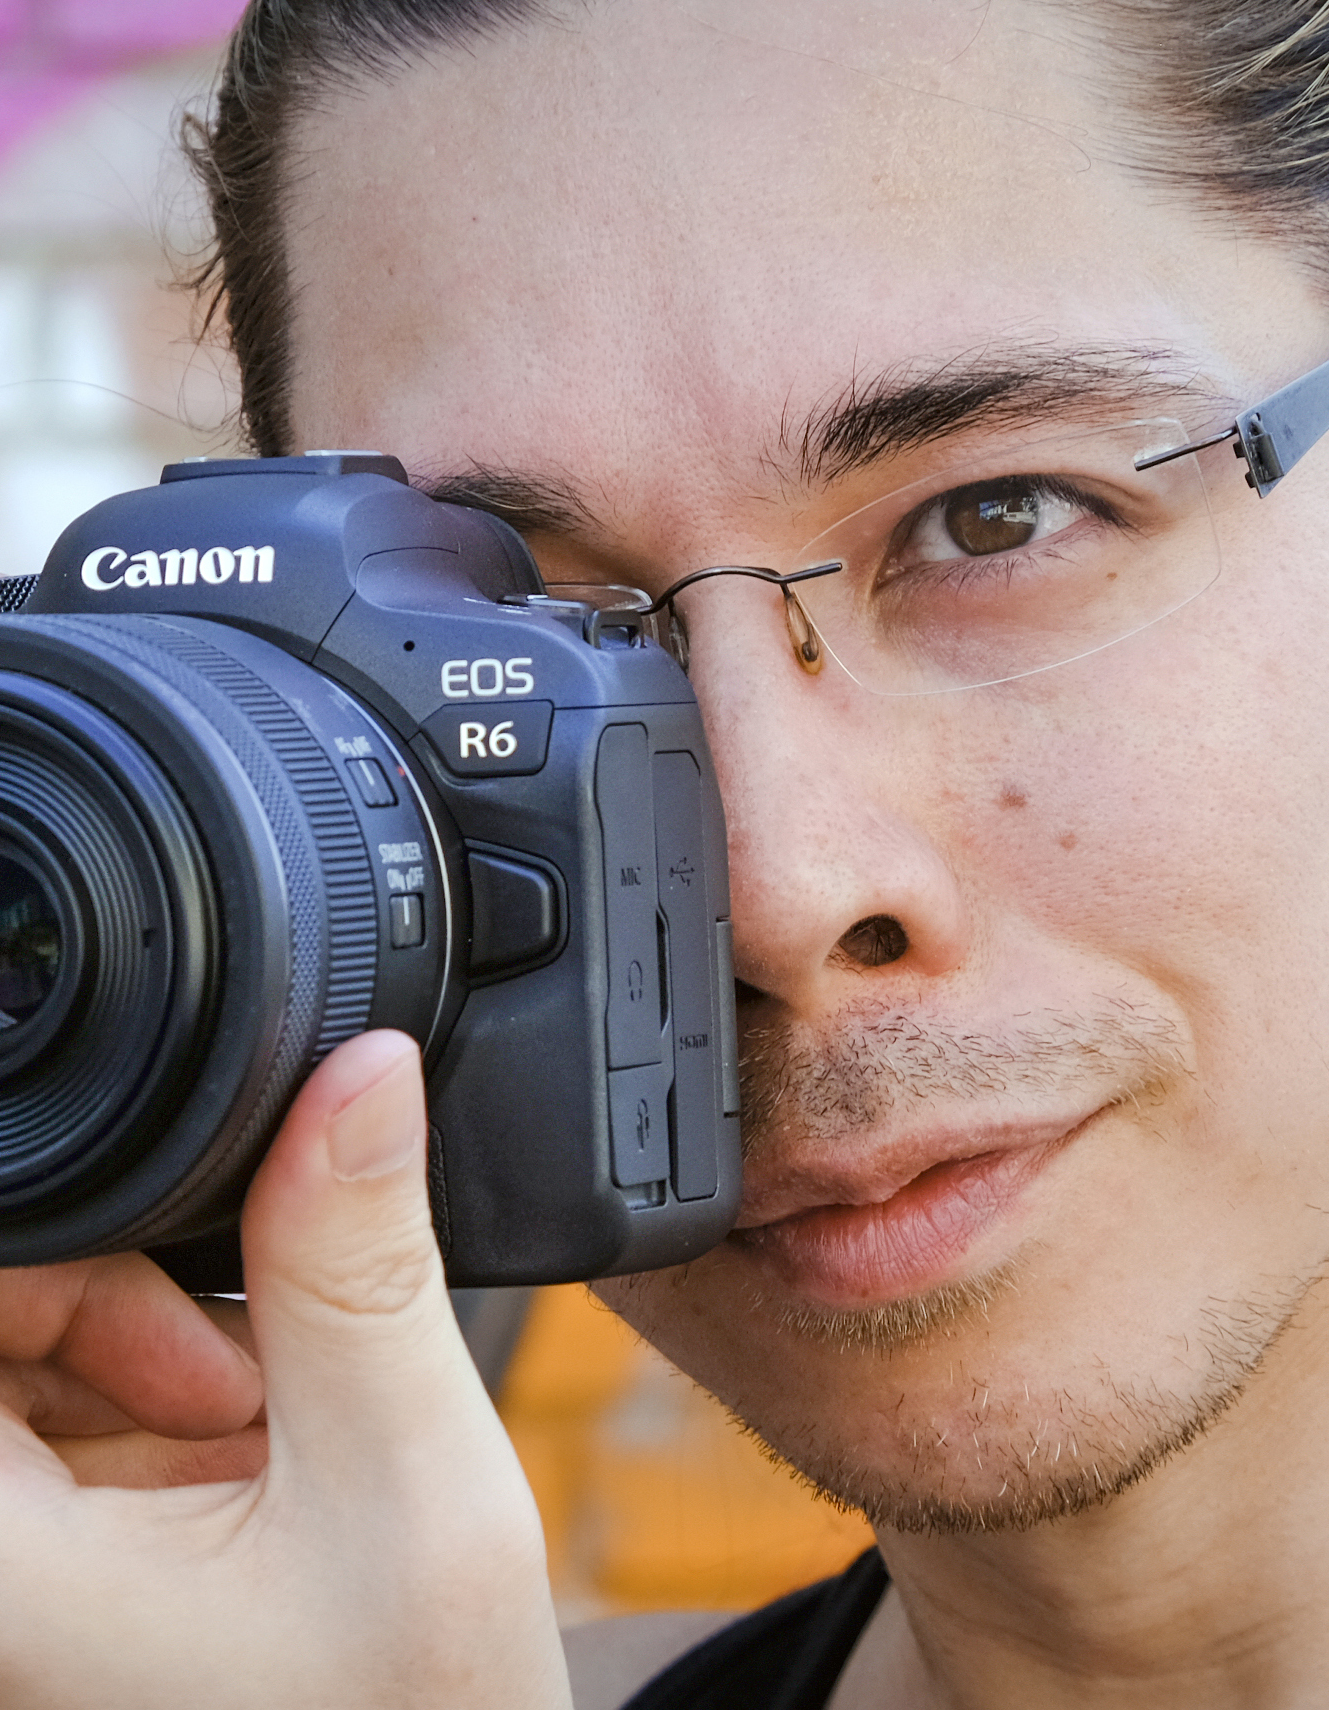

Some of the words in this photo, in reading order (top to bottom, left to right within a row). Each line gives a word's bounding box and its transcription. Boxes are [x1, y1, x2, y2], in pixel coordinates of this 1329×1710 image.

[81, 545, 275, 591] Canon
[441, 658, 534, 698] EOS
[460, 721, 517, 758] R6
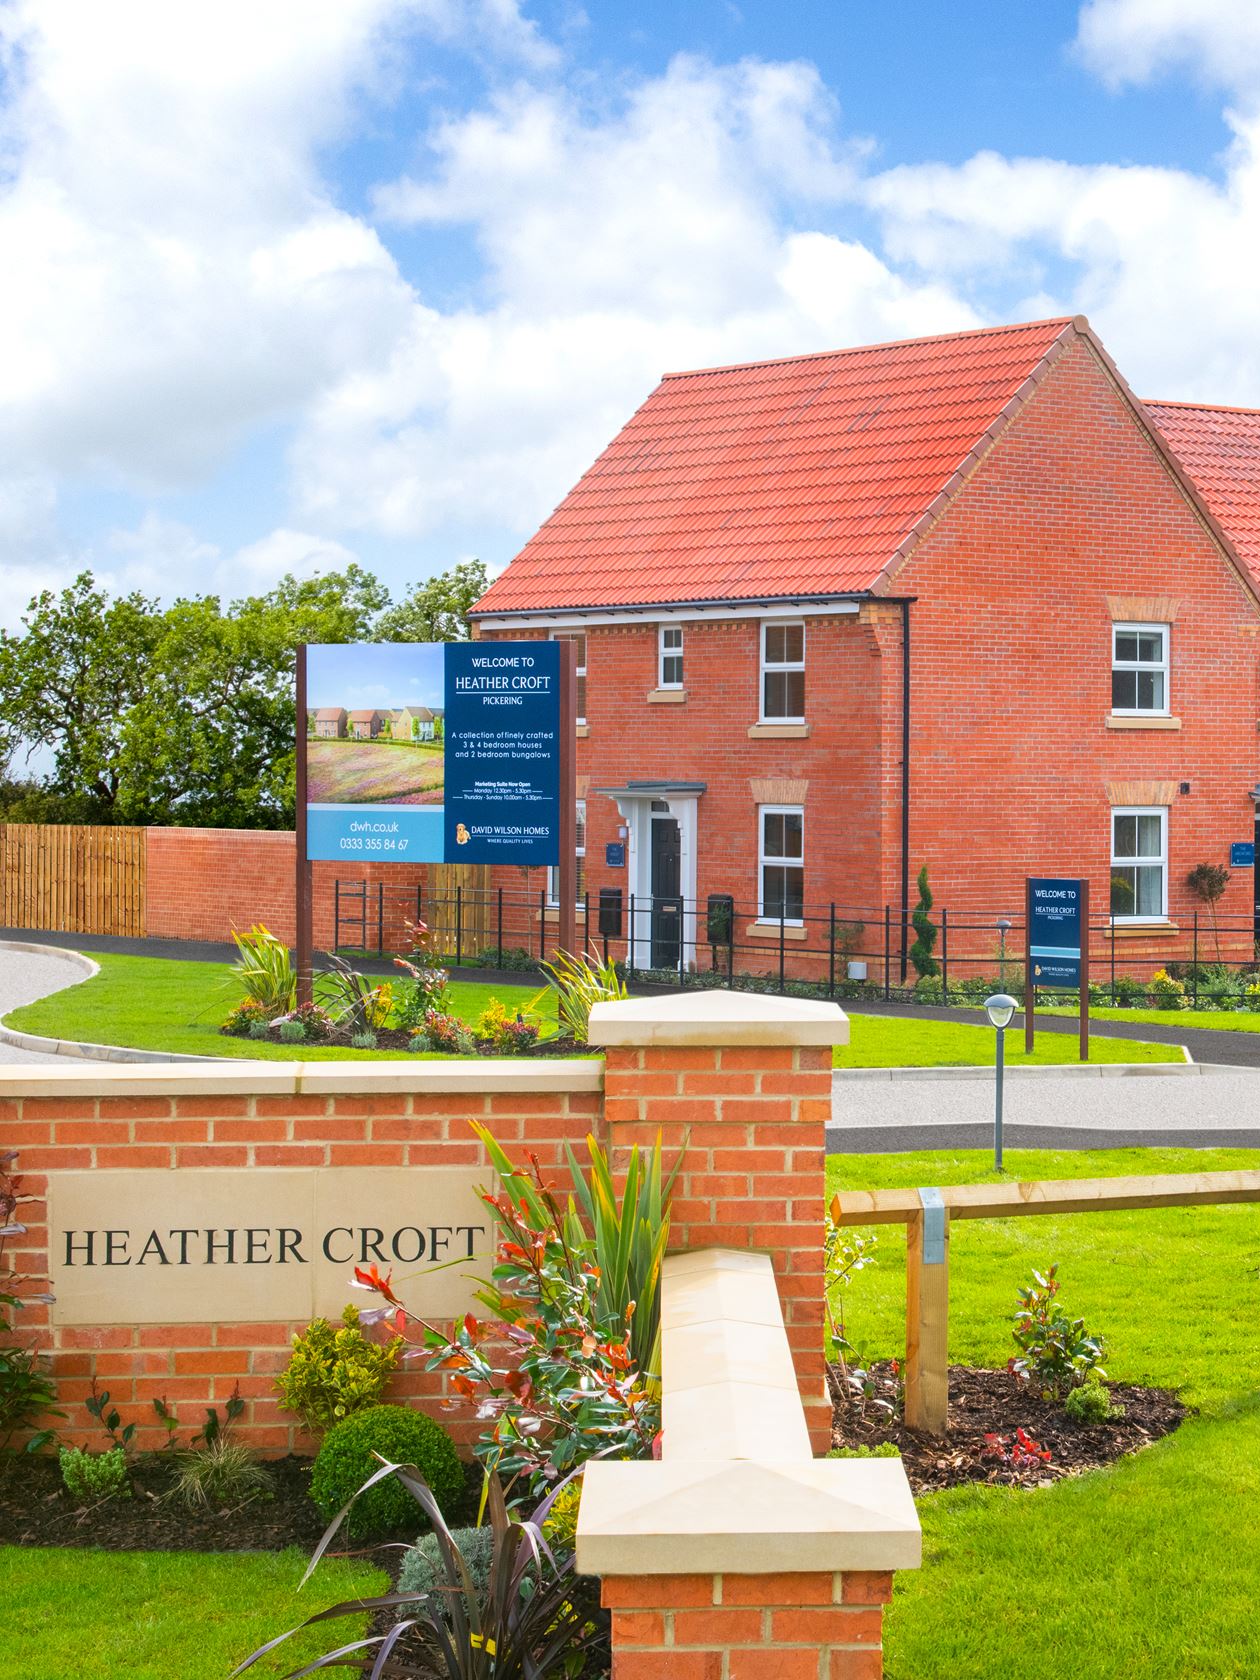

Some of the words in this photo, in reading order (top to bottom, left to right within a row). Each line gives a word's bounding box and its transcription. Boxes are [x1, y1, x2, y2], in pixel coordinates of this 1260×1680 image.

[472, 658, 519, 667] WELCOME
[521, 658, 534, 667] TO
[456, 677, 508, 689] HEATHER
[512, 677, 550, 688] CROFT
[483, 696, 522, 705] PICKERING
[350, 821, 399, 832] dwh.co.uk
[340, 838, 363, 849] 0333
[365, 838, 381, 849] 355
[384, 839, 395, 850] 84
[398, 840, 408, 850] 67
[1035, 890, 1066, 898] WELCOME
[62, 1227, 309, 1266] HEATHER
[322, 1226, 486, 1263] CROFT
◇ ◇ ◇ ◇ ◇
# PROBLEM STATEMENT:
Quote everything in the listing above exactly; pictures are the only thing to omit.

# OUTPUT OF THE TASK:
Some of the words in this photo, in reading order (top to bottom, left to right within a row). Each line gives a word's bounding box and its transcription. Boxes are [x1, y1, x2, y2], in pixel coordinates of this 1329×1710 image.

[81, 545, 275, 591] Canon
[441, 658, 534, 698] EOS
[460, 721, 517, 758] R6

Some of the words in this photo, in reading order (top to bottom, left to right within a row). Each line gives a word's bounding box and its transcription. Boxes are [x1, y1, x2, y2], in pixel coordinates of this 1260×1680 image.

[472, 658, 519, 667] WELCOME
[521, 658, 534, 667] TO
[456, 677, 508, 689] HEATHER
[512, 677, 550, 688] CROFT
[483, 696, 522, 705] PICKERING
[350, 821, 399, 832] dwh.co.uk
[340, 838, 363, 849] 0333
[365, 838, 381, 849] 355
[384, 839, 395, 850] 84
[398, 840, 408, 850] 67
[1035, 890, 1066, 898] WELCOME
[62, 1227, 309, 1266] HEATHER
[322, 1226, 486, 1263] CROFT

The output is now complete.